(GIVEN INFORMATION)

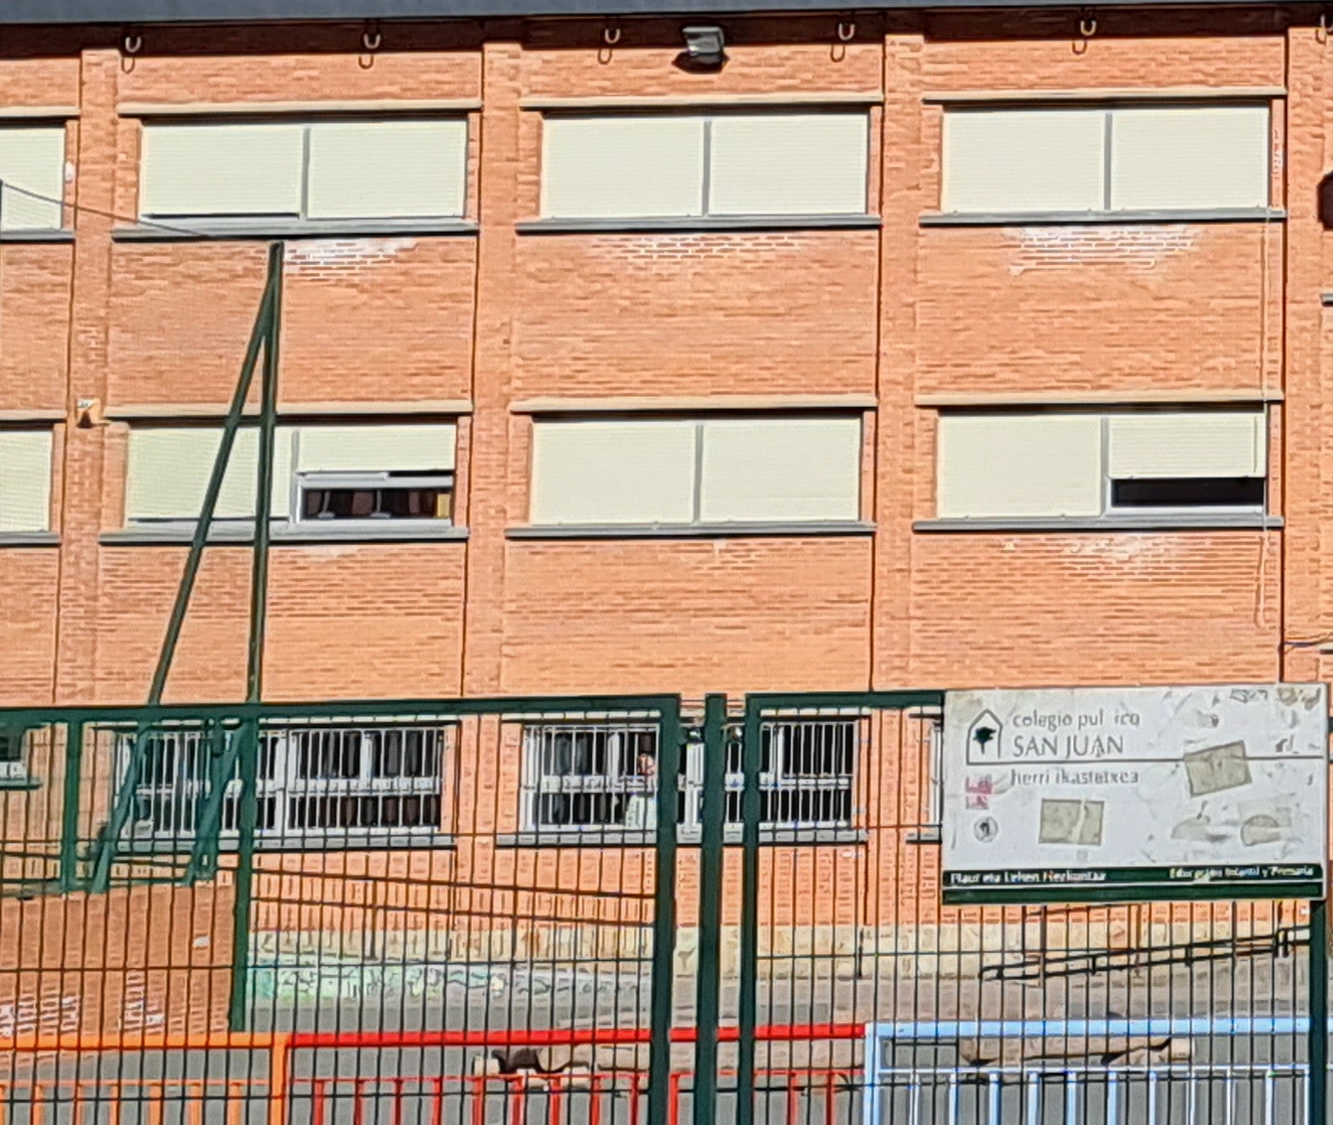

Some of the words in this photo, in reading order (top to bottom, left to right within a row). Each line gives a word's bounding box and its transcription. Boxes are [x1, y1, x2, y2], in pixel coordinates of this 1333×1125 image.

[1012, 709, 1073, 732] colegio
[1012, 735, 1059, 758] SAN
[1065, 734, 1124, 759] JUAN
[1010, 769, 1050, 786] herri

(DESCRIPTION OF THE TASK)
Give every line above again exactly, omitting whatever pictures appear.

(RESULT BELOW)
Some of the words in this photo, in reading order (top to bottom, left to right within a row). Each line gives a word's bounding box and its transcription. Boxes are [x1, y1, x2, y2], in pixel coordinates of this 1333×1125 image.

[1012, 709, 1073, 732] colegio
[1012, 735, 1059, 758] SAN
[1065, 734, 1124, 759] JUAN
[1010, 769, 1050, 786] herri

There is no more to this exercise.